Cette fois j'ai pris le parti d'avancer au hasard, là où mes pas me porteraient. Je suis repassé dans la petite ruelle, espérant revoir cette véranda illuminée qui m'avait émerveillé, hier – une véranda vitrée, à 5 côtés, dans laquelle une gentille petite famille passait le temps, à la lueur de bougies et de petites lampes. Quelque chose de presque insupportablement heureux. Mais cette fois, la maison était plongée dans le noir. Pas de magie deux jours de suite, ou en tous cas pas la même.

Celle d'aujourd'hui allait être plus sombre et plus étrange ; j'aurais dû m'en douter dès le début, dans la rue précédente, avec ce jardin obscur fermé par un grillage tordu et envahi par la végétation, par les ronces, d'où surnageaient quelques petites roses blanches. Je me suis arrêté devant et l'ai regardé longuement, sans savoir exactement pourquoi il me fascinait. Plus loin, alors que j'avais quitté ce petit quartier-là, sans un regret, pour prendre une rue au hasard après la Mairie, je retombais sur la même chose, le même effet ; une petite maison décrépite, au bas d'une longue rue très en pente, avec une grille bien noire, que la végétation recouvrait en partie ; cela cachait l'essentiel de la maison. J'ai toujours aimé ça, cette ambiance de décomposition, de vieillesse, je ne sais pas pourquoi.

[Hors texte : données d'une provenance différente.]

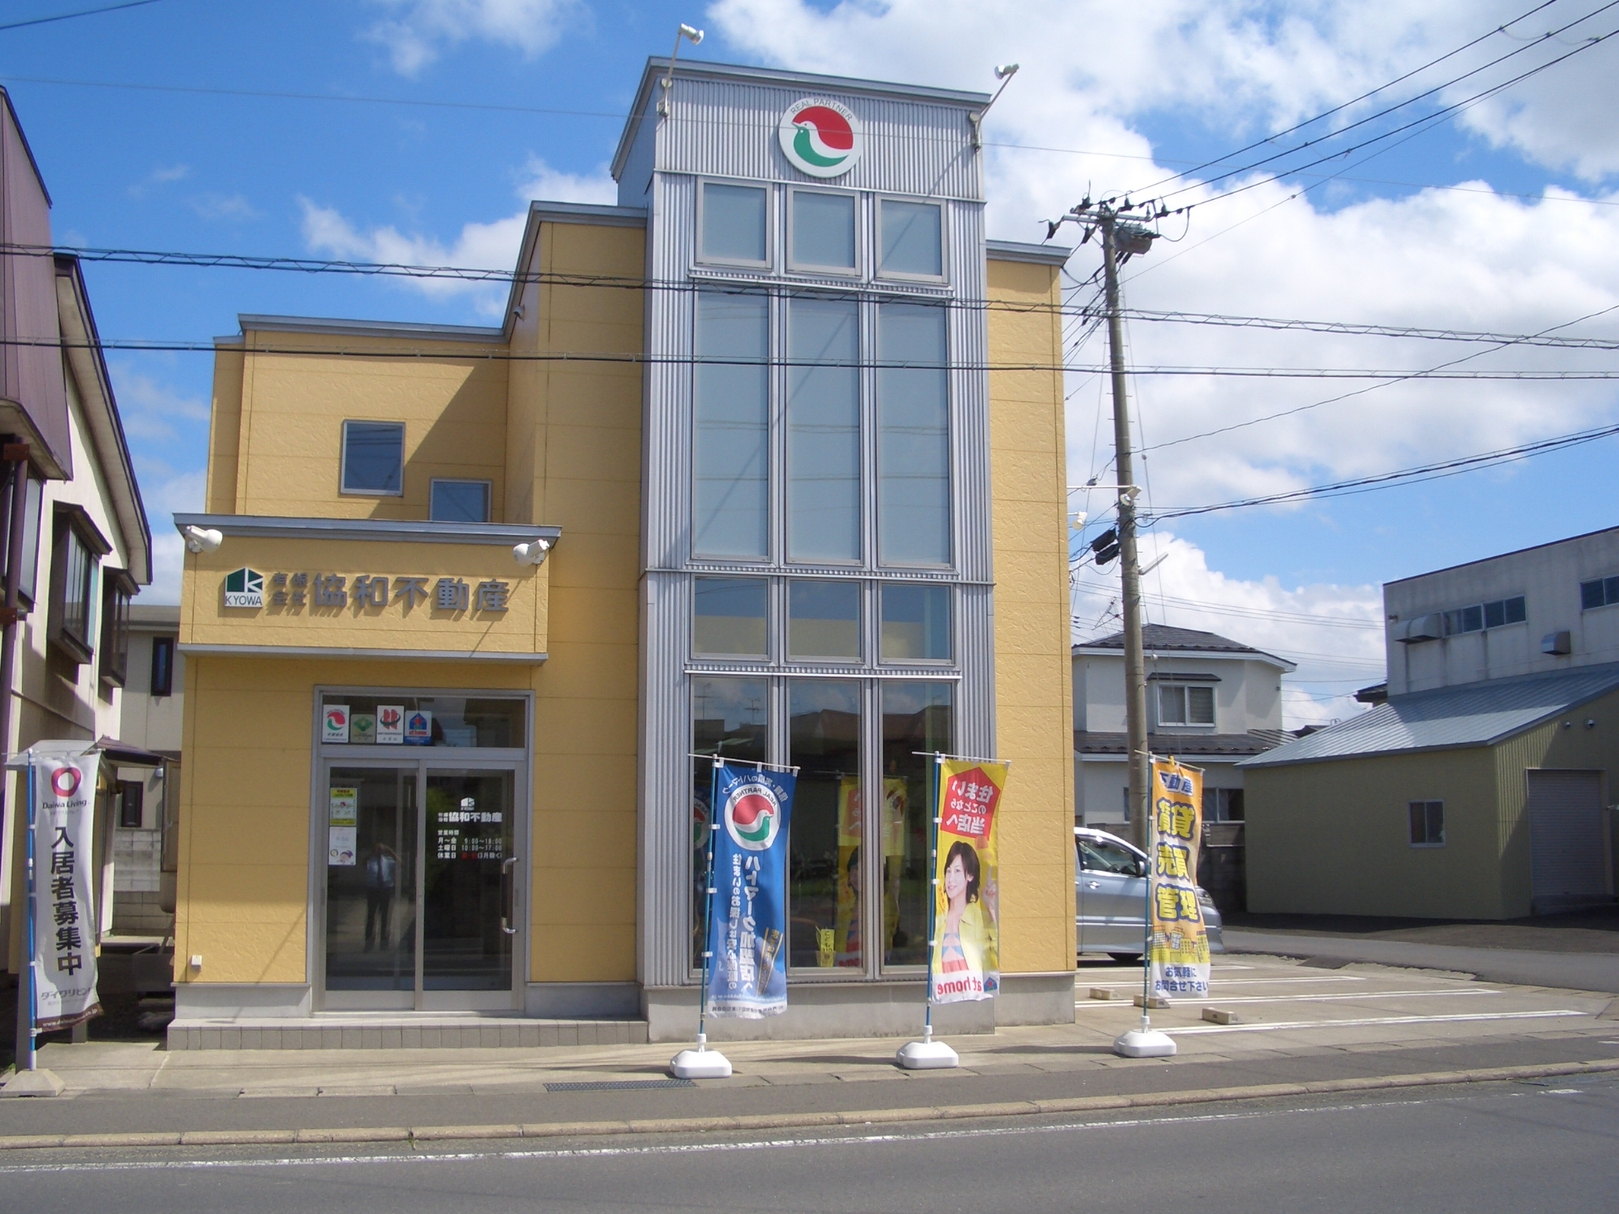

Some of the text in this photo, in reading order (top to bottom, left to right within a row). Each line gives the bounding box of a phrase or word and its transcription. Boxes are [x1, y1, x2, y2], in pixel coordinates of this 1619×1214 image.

[790, 98, 853, 121] REAL PARTNER
[273, 572, 308, 587] 有限
[272, 591, 307, 606] 会社
[315, 573, 509, 612] 協和不動産
[225, 595, 263, 606] KYOWA
[42, 799, 87, 810] Daiwa Living
[449, 811, 502, 822] 協和不動産
[1157, 799, 1195, 839] 賃貸
[1157, 844, 1190, 881] 売買
[51, 827, 82, 976] 入居者募集中
[1156, 885, 1199, 922] 管理
[1165, 966, 1197, 978] お気軽に
[1155, 980, 1209, 992] お問合せ下さい

J'ai remonté la rue, dont je me suis rendu compte assez vite que je ne l'avais jamais empruntée. Les maisons m'obsédaient comme toujours dans mes balades nocturnes, avec leurs fenêtres illuminées, chaleureuses, qui font se sentir encore plus seul, et renvoient à quelque chose de sans doute très primitif – l'envie d'aller toquer à la porte pour avoir un peu de chaleur et rencontrer des congénères. S'approprier leurs vies, aussi, leur univers, car une maison, c'est un univers en soi. Souvent, rien que la couleur d'un papier peint, un tableau au mur, la forme d'une lampe, font naître des histoires et des fantasmes. Chaque maison est un roman.

La rue débouchait sur la cité. Sur la totalité de mon champ de vision, des HLM de petite taille, des gazons, des chemins bétonnés, des garages ; un monde miniature parfaitement organisé, domestiqué. J'avançai droit devant moi, dépassant des groupes d'ados tranquilles, des pères de famille, personne ne prêtait attention à moi. Les HLM oranges, illuminés, semblaient irréels.

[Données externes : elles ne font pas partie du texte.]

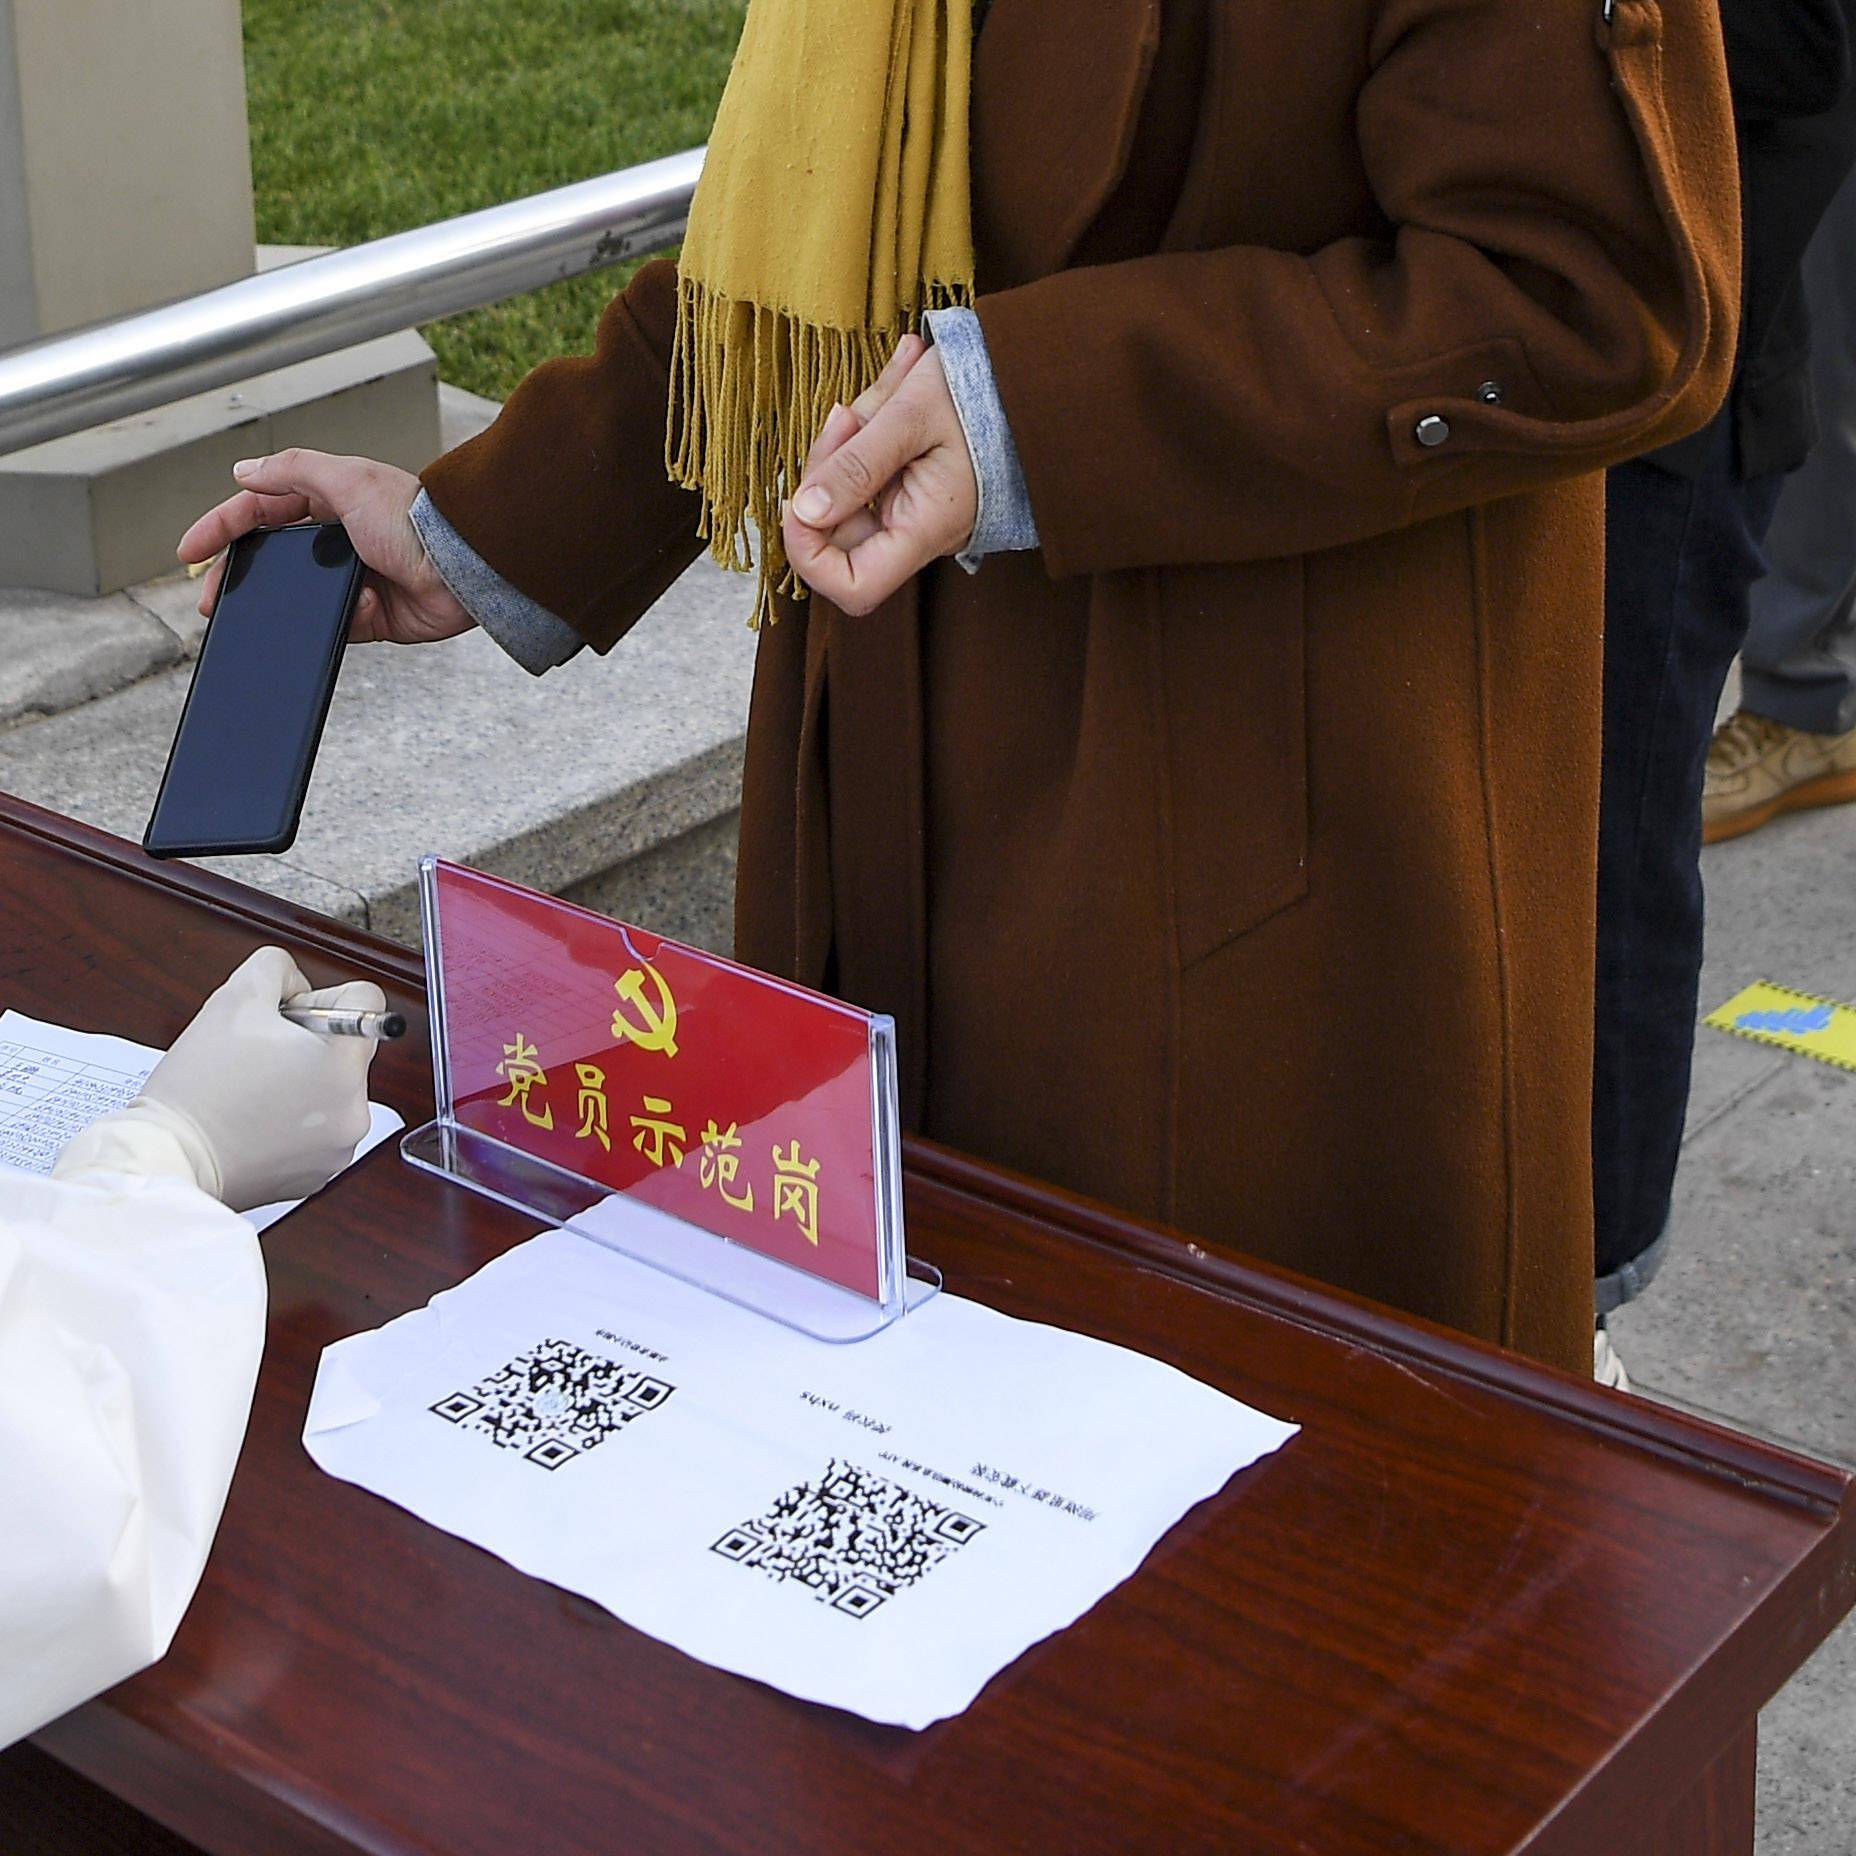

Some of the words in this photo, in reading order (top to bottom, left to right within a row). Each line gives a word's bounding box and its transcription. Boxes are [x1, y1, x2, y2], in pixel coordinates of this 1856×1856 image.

[495, 1032, 821, 1247] 党员示范岗

Devant une belle maison : je me plaçai par rapport au réverbère et aux branches des arbres au dessus de moi, pour avoir la plus belle lumière et le plus beau cadrage. Et je réalisai à nouveau que je ne vois pas la réalité ; je vois mes fantasmes, et je n’aborde pas le réel comme un réel, mais comme une matière esthétique, une œuvre qui ne demanderait qu’à être fixée, en appuyant sur un bouton.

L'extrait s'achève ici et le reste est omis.